Боевые шесты возвышались перед пятью норами, знаки боевой доблести свисали с них — не нити с зубами, как в деревне норок, но развевались перья или разноцветные нити из водорослей. Воины помогли Жёлтой Ракушке вскарабкаться на берег: эти последние несколько футов Сломанный Коготь, отказавшись от его помощи, преодолел самостоятельно. Двое первых из ожидавших поспешили к собрату, чтобы поддержать и провести через почти безлюдную деревню к норе посередине, которая была побольше остальных, со сложенными из глины боками, разукрашенной цветными рисунками и с разноцветными отметинами на мягкой поверхности, потом разрисованными черной или красной краской. Как на скале в устье ручья, некоторые из отметин поблекли и почти исчезли под воздействием непогоды, однако многие ещё ярко сверкали, словно их сделали совсем недавно. И Жёлтая Ракушка знал, что это записи о племени и клане, и, наверное, нора принадлежит не вождю племени, но тому, кто соответствует рангу мага-заклинателя.

Мимо Жёлтой Ракушки прошёл какой-то воин, чтобы отвести в сторону занавеску, которая была сплетена из сухих водорослей. И бобр остановился на несколько секунд, позволяя Сломанному Когтю и двум поддерживавшим его выдрам войти первыми. В центре норы был разожжён небольшой костёр, от него поднималась тонкая голубоватая и приятно пахнущая струйка дымка. С одной стороны присел на корточках очень старый выдра-жрец, его морда была почти белой. Когда голова его качнулась в их сторону, Жёлтая Ракушка увидел, что у него только один глаз, а другой обезображен длинным шрамом, правда, давно зажившим.
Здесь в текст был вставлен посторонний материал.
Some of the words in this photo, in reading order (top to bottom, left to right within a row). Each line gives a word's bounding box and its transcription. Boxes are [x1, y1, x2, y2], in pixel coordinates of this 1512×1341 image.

Перед ним находился небольшой церемониальный барабан, сделанный из панцыря черепахи, с кожей из сёмги, высушенной и крепко натянутой поперёк панцыря. Время от времени этот старый самец тихо ударял по барабану, выбивая какой-то шуршащий звук, словно что-то в земле нашептывало ему.
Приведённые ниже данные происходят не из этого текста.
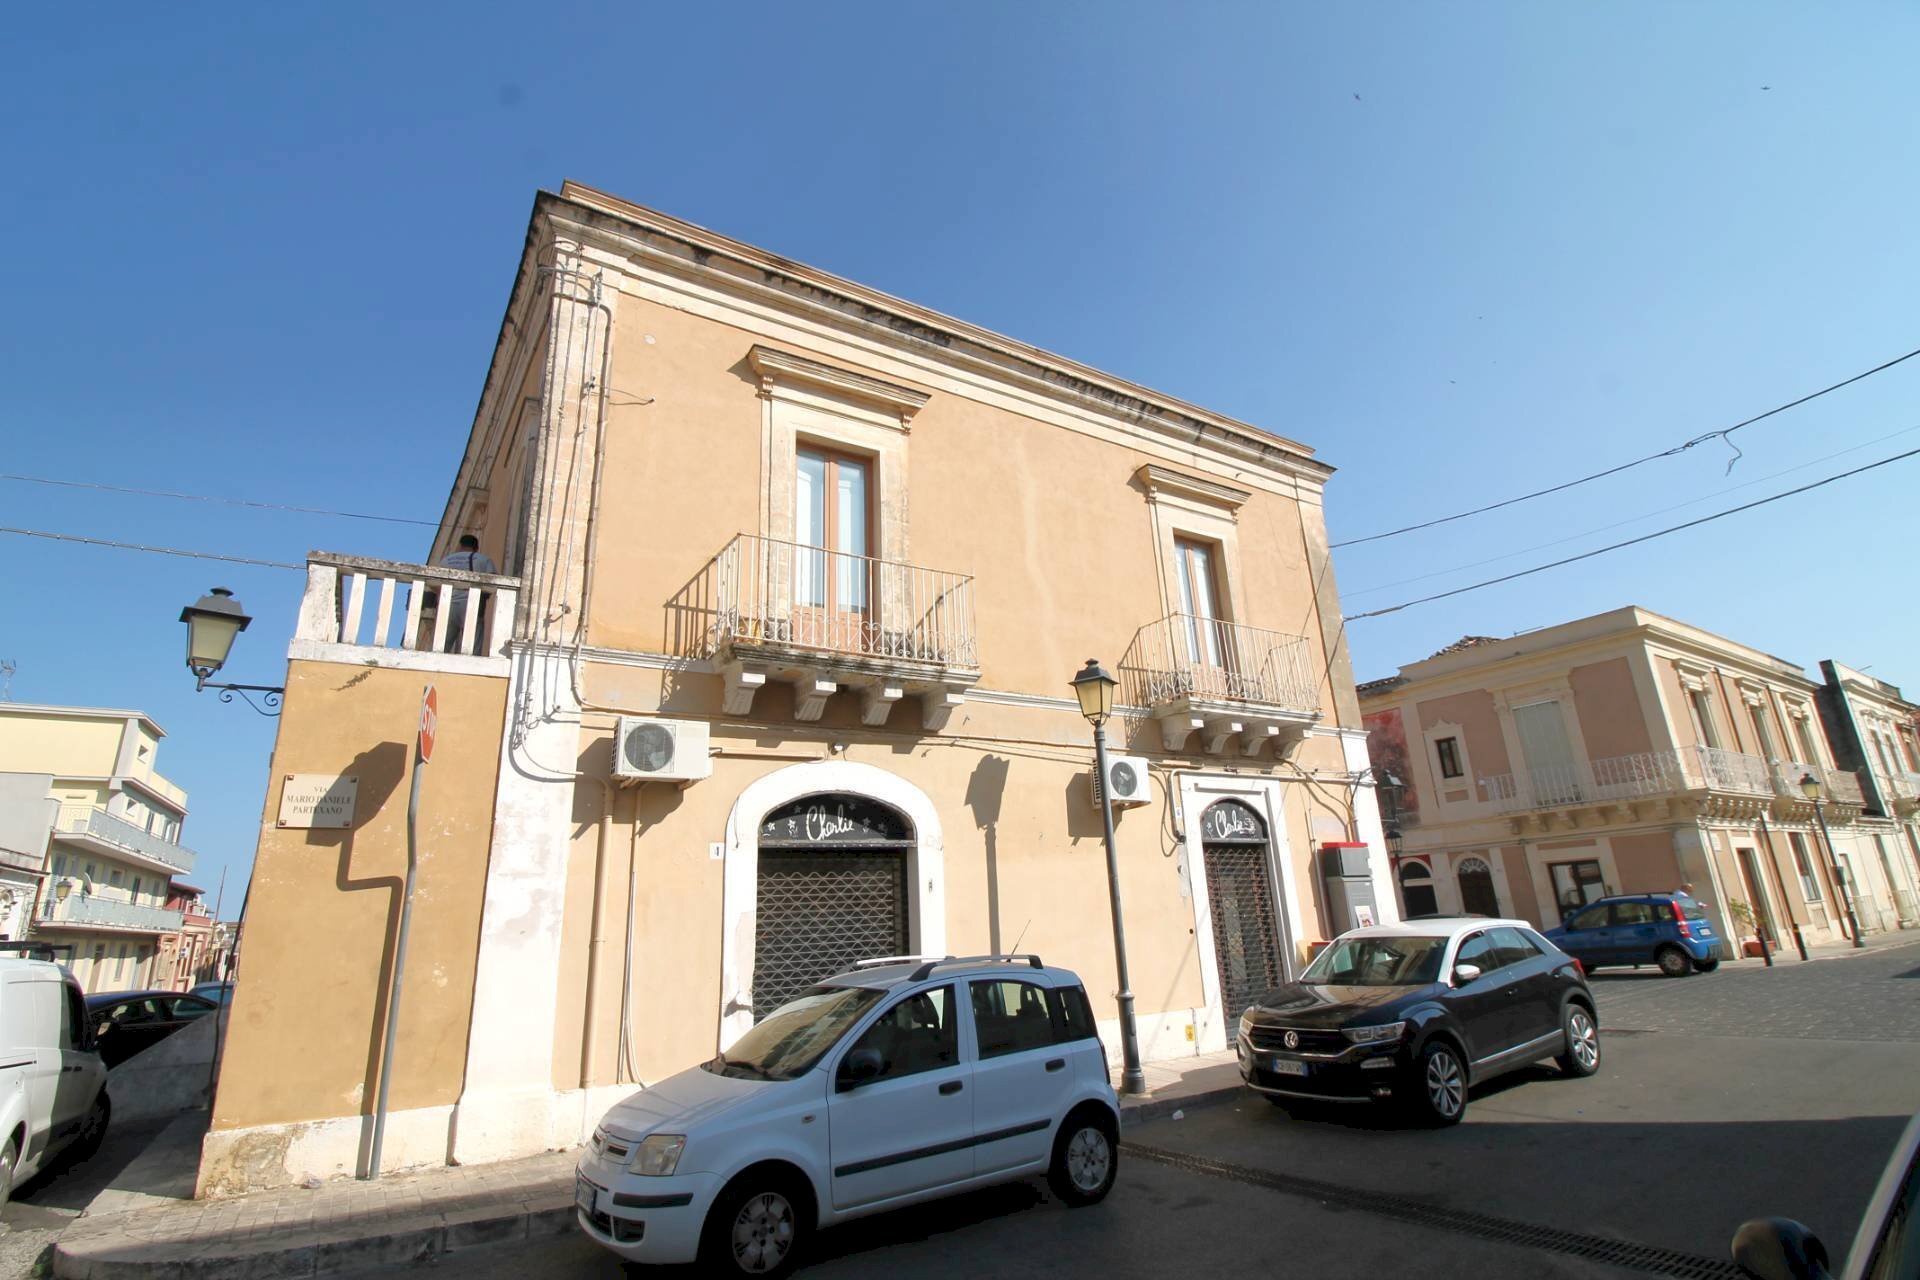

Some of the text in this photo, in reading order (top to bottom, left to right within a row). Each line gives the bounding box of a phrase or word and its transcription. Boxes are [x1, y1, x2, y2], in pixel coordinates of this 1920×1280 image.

Лицом к нему через костёр сидел самец-выдра помоложе, однако и он был куда старше годами Сломанного Когтя и даже воинов, которые привели своего раненого товарища в эту нору. Его глаза окружали нарисованные чёрные кружки, а на груди висел диск из кости, с резьбой и также разрисованный — знак верховного вождя. С передней лапы спускался на пол квадрат из водорослей, сплетённых вместе, с перьями, воткнутыми в это переплетение, образовывавшими яркое церемониальное одеяние.

Вождь взорвался быстрой речью на языке выдр, которую Жёлтая Ракушка не смог понять, а потом протянул лапу под край своего усеянного перьями одеяния и достал длинную трубку. С помощью двух когтей он умело выдернул горящую веточку из костра и вставил её в чашеобразную часть. От неё исходил душистый запах, и он поднял трубку в направлении крыши норы, неба, снова указал ею на землю, потом на восток, север, запад и юг, и, наконец, предложил стебелёк Жёлтой Ракушке.
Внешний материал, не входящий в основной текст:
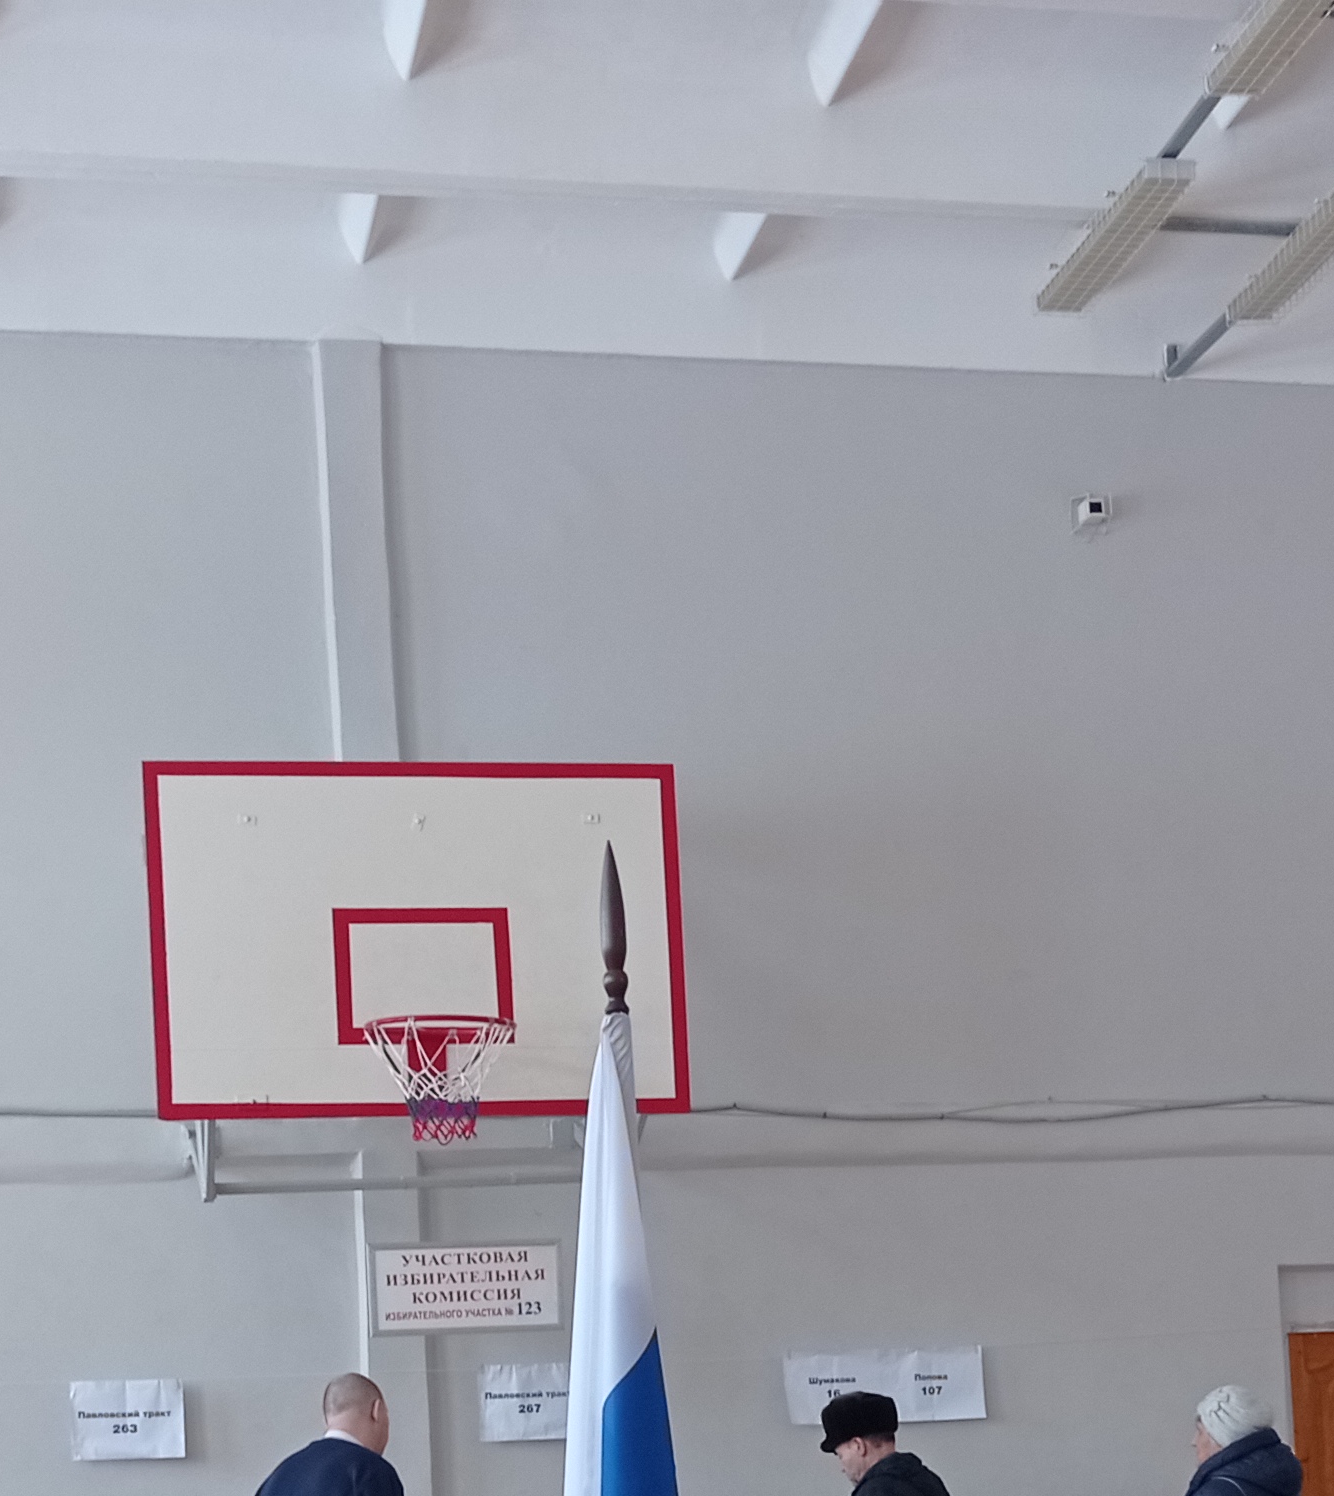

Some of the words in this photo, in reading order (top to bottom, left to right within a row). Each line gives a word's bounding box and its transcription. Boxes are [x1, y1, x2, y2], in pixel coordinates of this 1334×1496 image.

[401, 1250, 529, 1267] УЧАСТКОВАЯ
[386, 1268, 546, 1287] ИЗБИРАТЕЛЬНАЯ
[412, 1287, 522, 1304] КОМИССИЯ
[385, 1308, 463, 1322] ИЗБИРАТЕЛЬНОГО
[464, 1307, 502, 1319] УЧАСТКА
[517, 1301, 542, 1316] 123
[484, 1390, 543, 1400] Павловский
[921, 1386, 943, 1396] 107
[518, 1403, 542, 1414] 267
[77, 1410, 140, 1420] Павловский
[143, 1410, 172, 1419] тракт
[112, 1423, 138, 1434] 263
Осторожно взяв его передними лапами, бобр сделал глубокий вдох, а потом медленно выдохнул, поворачивая голову в том же порядке, как и вождь выдр, предложивший трубку.

Передав трубку налево, в уже дожидавшиеся лапы старого жреца, который прекратил свои удары по барабану, чтобы взять её, вождь быстро произнёс она языке знаков:

«Нора Длинного Зуба — для нашего брата. Пища и питьё Длинного Зуба принадлежат и нашему брату. Пусть он отдохнёт, поест и напьётся: след, оставшийся позади него, был длинный и трудный».

Ковёр из водорослей, который служил дверью в нору, скользнул в сторону, когда самка, почти такая же старая годами, как и бьющий в барабан жрец, принесла чашу, которую она поставила перед Жёлтой Ракушкой, и вместе с ней — тыкву, которую теперь использовали как чашку, Из неё распространялся запах какого-то тушёного растения. Бобр наклонил голову к чаше и обнаружил свежую ольховую кору, приятную на вкус, вместе с луковицами водяных растений.

Пока он ел и пил, вежливо не замечаемый всеми остальными, Длинный Зуб разговаривал со Сломанным Когтем. А потом молодого самца увели его друзья, а вождь остался сидеть перед костром, пристально рассматривая его, и трубка теперь покоилась в его лапах, совсем потухшая. Старый жрец вернулся к тихому постукиванию когтем по натянутой на панцырь черепахи рыбьей шкуре.